CVE-2021-43400: 
NixOS vulnerability analysis and mitigation

CVE-2021-43400 is a use-after-free vulnerability discovered in gatt-database.c in BlueZ 5.61. The vulnerability was disclosed on November 4, 2021, affecting the BlueZ Bluetooth protocol stack for Linux. The issue occurs when a client disconnects during D-Bus processing of a WriteValue call (NVD, Debian Security).

The vulnerability is classified as a use-after-free (CWE-416) issue with a CVSS v3.1 base score of 9.1 (Critical), with the vector string CVSS:3.1/AV:N/AC:L/PR:N/UI:N/S:U/C:H/I:H/A:N. The technical issue stems from improper memory handling in the gatt-database.c component when processing WriteValue calls through D-Bus, specifically when a client disconnects during the operation (NVD, Kernel Git).

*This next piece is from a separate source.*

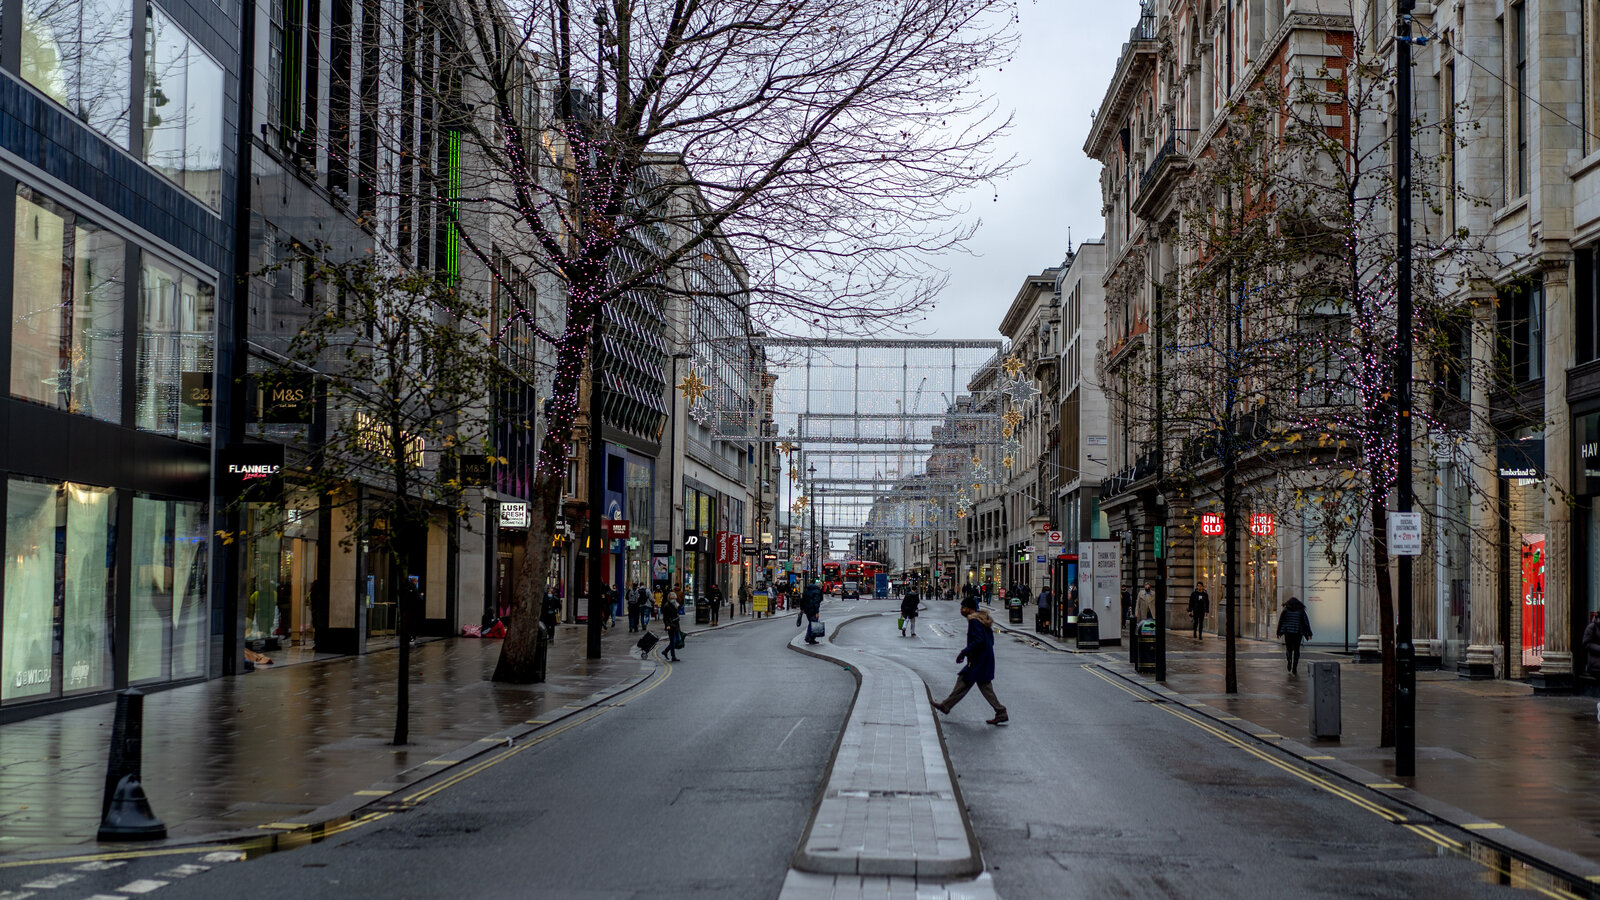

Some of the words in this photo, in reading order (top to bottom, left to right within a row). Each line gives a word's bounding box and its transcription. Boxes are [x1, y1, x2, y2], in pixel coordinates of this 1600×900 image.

The vulnerability can lead to a denial of service condition and potential system crashes when exploited. The critical CVSS score indicates high impacts on both confidentiality and integrity of the affected systems (NVD).

The vulnerability was patched in BlueZ version 5.62. Various Linux distributions have released security updates to address this issue. Ubuntu has fixed the vulnerability in multiple versions: 5.60-0ubuntu2.1 for 21.10, 5.56-0ubuntu4.3 for 21.04, 5.53-0ubuntu3.4 for 20.04 LTS, and 5.48-0ubuntu3.6 for 18.04 LTS (Ubuntu Security, Debian LTS).